The records are to be restated in their entirety, word for word.

[Opening Data for review section]

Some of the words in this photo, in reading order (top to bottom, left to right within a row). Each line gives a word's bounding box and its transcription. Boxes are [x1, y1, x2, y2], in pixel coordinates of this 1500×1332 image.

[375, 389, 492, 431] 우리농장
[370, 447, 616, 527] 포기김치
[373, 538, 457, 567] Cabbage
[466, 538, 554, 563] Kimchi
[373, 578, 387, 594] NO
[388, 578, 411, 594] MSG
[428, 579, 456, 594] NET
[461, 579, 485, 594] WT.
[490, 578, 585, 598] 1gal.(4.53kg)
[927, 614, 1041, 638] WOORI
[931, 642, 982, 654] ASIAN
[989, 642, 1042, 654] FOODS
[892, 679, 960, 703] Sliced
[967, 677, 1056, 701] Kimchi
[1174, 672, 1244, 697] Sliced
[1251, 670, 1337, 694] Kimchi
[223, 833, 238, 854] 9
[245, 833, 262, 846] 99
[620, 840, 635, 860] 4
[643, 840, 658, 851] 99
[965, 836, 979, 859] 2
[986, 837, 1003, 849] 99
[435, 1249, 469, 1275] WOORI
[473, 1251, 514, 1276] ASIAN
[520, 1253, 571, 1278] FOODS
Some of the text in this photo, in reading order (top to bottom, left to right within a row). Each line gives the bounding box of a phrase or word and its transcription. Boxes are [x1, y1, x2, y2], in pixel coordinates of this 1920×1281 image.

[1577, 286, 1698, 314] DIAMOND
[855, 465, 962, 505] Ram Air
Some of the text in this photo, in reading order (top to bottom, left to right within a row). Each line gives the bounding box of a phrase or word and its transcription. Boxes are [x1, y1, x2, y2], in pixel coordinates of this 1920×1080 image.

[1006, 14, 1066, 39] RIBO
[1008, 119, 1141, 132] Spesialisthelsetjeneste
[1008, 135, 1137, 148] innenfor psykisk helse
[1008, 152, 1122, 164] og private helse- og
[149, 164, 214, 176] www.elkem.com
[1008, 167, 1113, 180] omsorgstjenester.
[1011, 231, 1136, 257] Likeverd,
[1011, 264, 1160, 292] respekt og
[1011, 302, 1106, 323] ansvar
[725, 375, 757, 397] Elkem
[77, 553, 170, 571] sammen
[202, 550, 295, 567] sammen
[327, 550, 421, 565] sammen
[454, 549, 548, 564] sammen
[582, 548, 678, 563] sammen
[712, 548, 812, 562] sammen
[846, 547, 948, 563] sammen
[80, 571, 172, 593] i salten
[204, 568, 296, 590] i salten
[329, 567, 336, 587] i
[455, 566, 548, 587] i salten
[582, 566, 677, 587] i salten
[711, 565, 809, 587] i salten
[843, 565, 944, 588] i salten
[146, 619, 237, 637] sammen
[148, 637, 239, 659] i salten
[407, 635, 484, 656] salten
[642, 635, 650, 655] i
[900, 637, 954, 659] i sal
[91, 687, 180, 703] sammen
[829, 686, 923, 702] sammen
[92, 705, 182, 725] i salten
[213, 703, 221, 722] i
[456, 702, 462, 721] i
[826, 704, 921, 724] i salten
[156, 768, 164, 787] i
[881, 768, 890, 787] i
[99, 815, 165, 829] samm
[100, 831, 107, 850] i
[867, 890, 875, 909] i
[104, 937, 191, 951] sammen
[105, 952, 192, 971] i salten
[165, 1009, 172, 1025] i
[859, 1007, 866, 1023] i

[Closing Data for review section]

**Response to the task**
Some of the words in this photo, in reading order (top to bottom, left to right within a row). Each line gives a word's bounding box and its transcription. Boxes are [x1, y1, x2, y2], in pixel coordinates of this 1500×1332 image.

[375, 389, 492, 431] 우리농장
[370, 447, 616, 527] 포기김치
[373, 538, 457, 567] Cabbage
[466, 538, 554, 563] Kimchi
[373, 578, 387, 594] NO
[388, 578, 411, 594] MSG
[428, 579, 456, 594] NET
[461, 579, 485, 594] WT.
[490, 578, 585, 598] 1gal.(4.53kg)
[927, 614, 1041, 638] WOORI
[931, 642, 982, 654] ASIAN
[989, 642, 1042, 654] FOODS
[892, 679, 960, 703] Sliced
[967, 677, 1056, 701] Kimchi
[1174, 672, 1244, 697] Sliced
[1251, 670, 1337, 694] Kimchi
[223, 833, 238, 854] 9
[245, 833, 262, 846] 99
[620, 840, 635, 860] 4
[643, 840, 658, 851] 99
[965, 836, 979, 859] 2
[986, 837, 1003, 849] 99
[435, 1249, 469, 1275] WOORI
[473, 1251, 514, 1276] ASIAN
[520, 1253, 571, 1278] FOODS
Some of the text in this photo, in reading order (top to bottom, left to right within a row). Each line gives the bounding box of a phrase or word and its transcription. Boxes are [x1, y1, x2, y2], in pixel coordinates of this 1920×1281 image.

[1577, 286, 1698, 314] DIAMOND
[855, 465, 962, 505] Ram Air
Some of the text in this photo, in reading order (top to bottom, left to right within a row). Each line gives the bounding box of a phrase or word and its transcription. Boxes are [x1, y1, x2, y2], in pixel coordinates of this 1920×1080 image.

[1006, 14, 1066, 39] RIBO
[1008, 119, 1141, 132] Spesialisthelsetjeneste
[1008, 135, 1137, 148] innenfor psykisk helse
[1008, 152, 1122, 164] og private helse- og
[149, 164, 214, 176] www.elkem.com
[1008, 167, 1113, 180] omsorgstjenester.
[1011, 231, 1136, 257] Likeverd,
[1011, 264, 1160, 292] respekt og
[1011, 302, 1106, 323] ansvar
[725, 375, 757, 397] Elkem
[77, 553, 170, 571] sammen
[202, 550, 295, 567] sammen
[327, 550, 421, 565] sammen
[454, 549, 548, 564] sammen
[582, 548, 678, 563] sammen
[712, 548, 812, 562] sammen
[846, 547, 948, 563] sammen
[80, 571, 172, 593] i salten
[204, 568, 296, 590] i salten
[329, 567, 336, 587] i
[455, 566, 548, 587] i salten
[582, 566, 677, 587] i salten
[711, 565, 809, 587] i salten
[843, 565, 944, 588] i salten
[146, 619, 237, 637] sammen
[148, 637, 239, 659] i salten
[407, 635, 484, 656] salten
[642, 635, 650, 655] i
[900, 637, 954, 659] i sal
[91, 687, 180, 703] sammen
[829, 686, 923, 702] sammen
[92, 705, 182, 725] i salten
[213, 703, 221, 722] i
[456, 702, 462, 721] i
[826, 704, 921, 724] i salten
[156, 768, 164, 787] i
[881, 768, 890, 787] i
[99, 815, 165, 829] samm
[100, 831, 107, 850] i
[867, 890, 875, 909] i
[104, 937, 191, 951] sammen
[105, 952, 192, 971] i salten
[165, 1009, 172, 1025] i
[859, 1007, 866, 1023] i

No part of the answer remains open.